Activity: Please reproduce the entire listing, character for character.

Source data:
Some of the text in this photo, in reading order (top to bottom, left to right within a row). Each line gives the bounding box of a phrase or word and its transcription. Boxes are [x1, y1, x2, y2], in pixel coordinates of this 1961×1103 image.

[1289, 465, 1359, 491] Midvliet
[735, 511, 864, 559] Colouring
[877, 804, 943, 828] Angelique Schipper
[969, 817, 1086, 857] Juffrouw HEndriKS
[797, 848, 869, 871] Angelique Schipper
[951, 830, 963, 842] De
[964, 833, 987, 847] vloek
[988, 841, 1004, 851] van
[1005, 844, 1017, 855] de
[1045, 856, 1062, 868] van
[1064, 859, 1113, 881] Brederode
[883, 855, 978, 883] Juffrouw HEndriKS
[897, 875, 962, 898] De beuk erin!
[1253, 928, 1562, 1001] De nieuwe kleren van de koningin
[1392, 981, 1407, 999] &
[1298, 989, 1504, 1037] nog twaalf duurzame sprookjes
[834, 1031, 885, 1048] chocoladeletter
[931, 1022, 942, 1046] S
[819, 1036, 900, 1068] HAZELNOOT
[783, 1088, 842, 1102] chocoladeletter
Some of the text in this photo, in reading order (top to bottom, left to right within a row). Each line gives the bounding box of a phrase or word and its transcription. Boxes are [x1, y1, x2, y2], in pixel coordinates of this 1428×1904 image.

Expected answer:
Some of the text in this photo, in reading order (top to bottom, left to right within a row). Each line gives the bounding box of a phrase or word and its transcription. Boxes are [x1, y1, x2, y2], in pixel coordinates of this 1961×1103 image.

[1289, 465, 1359, 491] Midvliet
[735, 511, 864, 559] Colouring
[877, 804, 943, 828] Angelique Schipper
[969, 817, 1086, 857] Juffrouw HEndriKS
[797, 848, 869, 871] Angelique Schipper
[951, 830, 963, 842] De
[964, 833, 987, 847] vloek
[988, 841, 1004, 851] van
[1005, 844, 1017, 855] de
[1045, 856, 1062, 868] van
[1064, 859, 1113, 881] Brederode
[883, 855, 978, 883] Juffrouw HEndriKS
[897, 875, 962, 898] De beuk erin!
[1253, 928, 1562, 1001] De nieuwe kleren van de koningin
[1392, 981, 1407, 999] &
[1298, 989, 1504, 1037] nog twaalf duurzame sprookjes
[834, 1031, 885, 1048] chocoladeletter
[931, 1022, 942, 1046] S
[819, 1036, 900, 1068] HAZELNOOT
[783, 1088, 842, 1102] chocoladeletter
Some of the text in this photo, in reading order (top to bottom, left to right within a row). Each line gives the bounding box of a phrase or word and its transcription. Boxes are [x1, y1, x2, y2], in pixel coordinates of this 1428×1904 image.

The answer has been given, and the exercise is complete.